_PROVIDED RECORDS_
_____

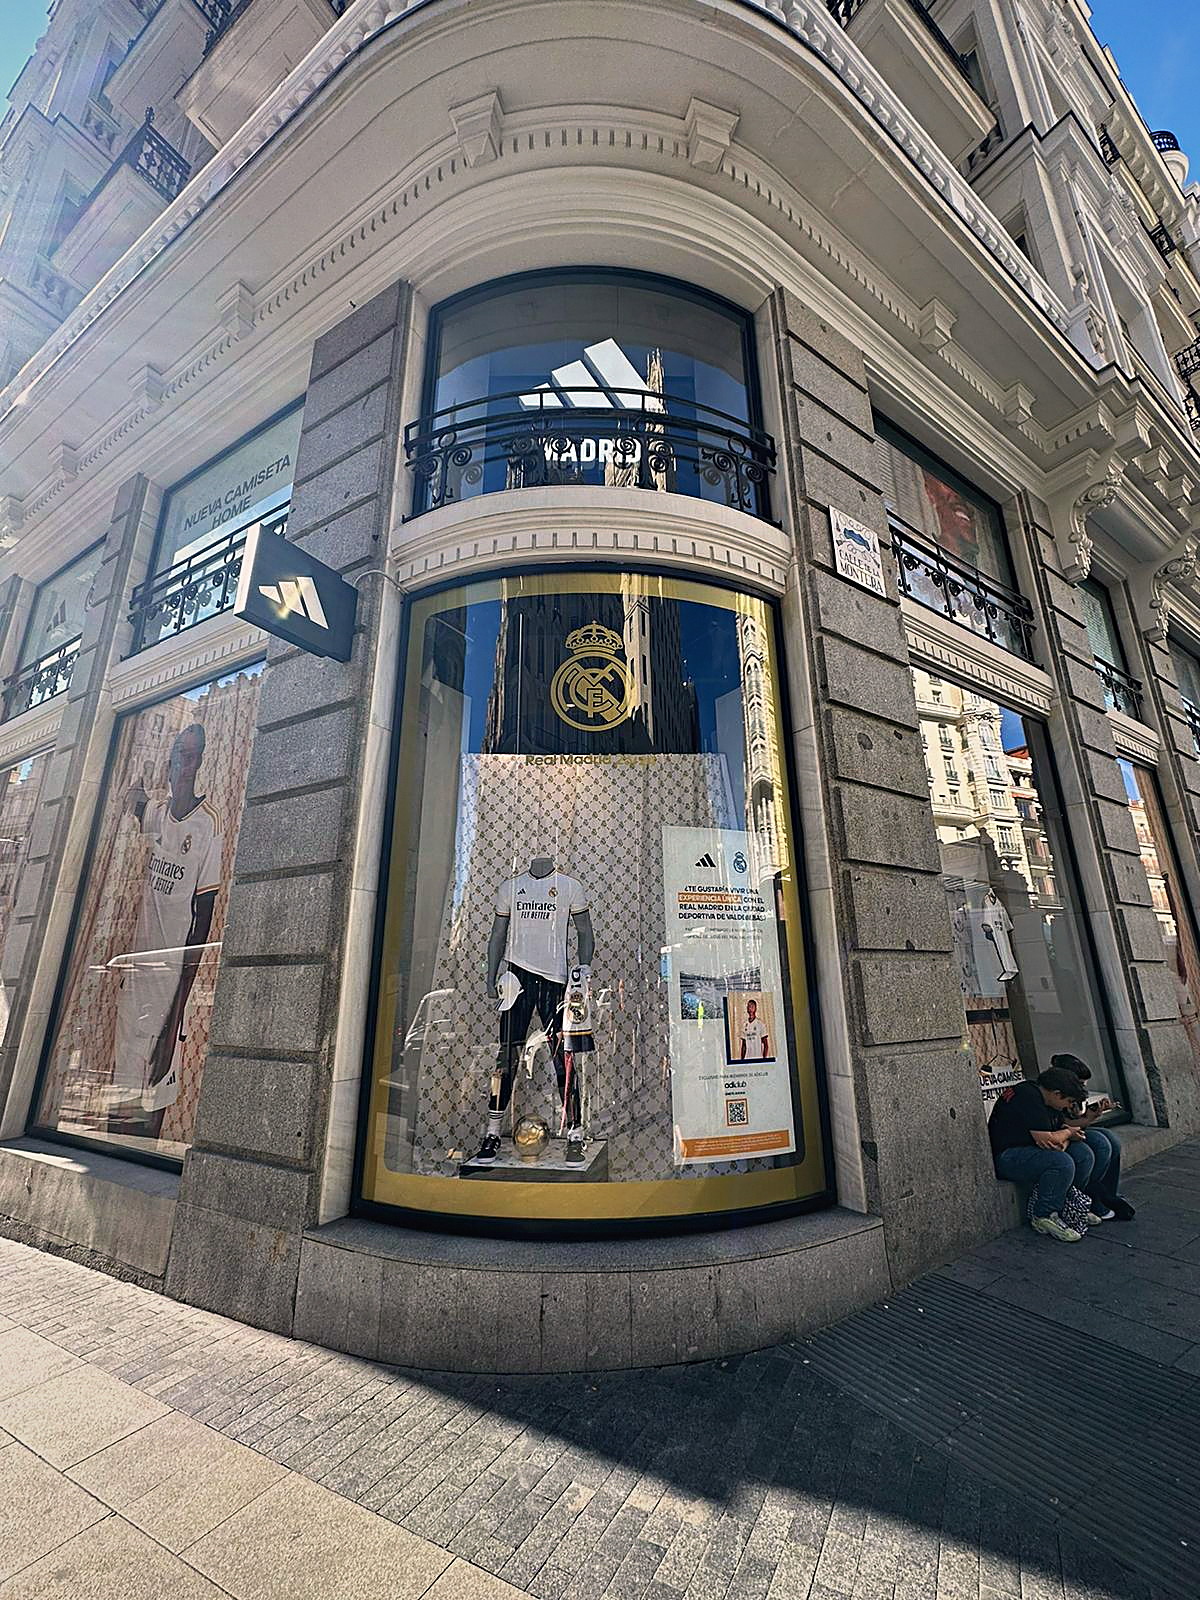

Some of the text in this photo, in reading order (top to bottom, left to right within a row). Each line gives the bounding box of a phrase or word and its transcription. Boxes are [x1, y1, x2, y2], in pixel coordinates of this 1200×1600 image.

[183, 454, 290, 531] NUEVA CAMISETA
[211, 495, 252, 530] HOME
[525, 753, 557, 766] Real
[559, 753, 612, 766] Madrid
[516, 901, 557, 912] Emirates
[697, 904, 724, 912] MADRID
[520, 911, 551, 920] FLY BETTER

_____

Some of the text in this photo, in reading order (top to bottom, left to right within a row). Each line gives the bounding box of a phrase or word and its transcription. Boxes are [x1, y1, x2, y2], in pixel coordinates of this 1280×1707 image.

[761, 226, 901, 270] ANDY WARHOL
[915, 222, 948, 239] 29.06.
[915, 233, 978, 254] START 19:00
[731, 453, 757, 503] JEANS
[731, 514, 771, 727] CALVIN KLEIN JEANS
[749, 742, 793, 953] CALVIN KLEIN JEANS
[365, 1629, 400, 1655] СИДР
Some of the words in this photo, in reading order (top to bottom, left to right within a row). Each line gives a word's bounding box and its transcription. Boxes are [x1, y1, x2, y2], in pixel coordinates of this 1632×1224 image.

_____

_TASK STATEMENT_
Everything from the line containing "this 1280×1707 image." through the line containing "Some of the words" in the material above should be retyped exactly, both ends included, and nothing more.

_SOLUTION_
Some of the text in this photo, in reading order (top to bottom, left to right within a row). Each line gives the bounding box of a phrase or word and its transcription. Boxes are [x1, y1, x2, y2], in pixel coordinates of this 1280×1707 image.

[761, 226, 901, 270] ANDY WARHOL
[915, 222, 948, 239] 29.06.
[915, 233, 978, 254] START 19:00
[731, 453, 757, 503] JEANS
[731, 514, 771, 727] CALVIN KLEIN JEANS
[749, 742, 793, 953] CALVIN KLEIN JEANS
[365, 1629, 400, 1655] СИДР
Some of the words in this photo, in reading order (top to bottom, left to right within a row). Each line gives a word's bounding box and its transcription. Boxes are [x1, y1, x2, y2], in pixel coordinates of this 1632×1224 image.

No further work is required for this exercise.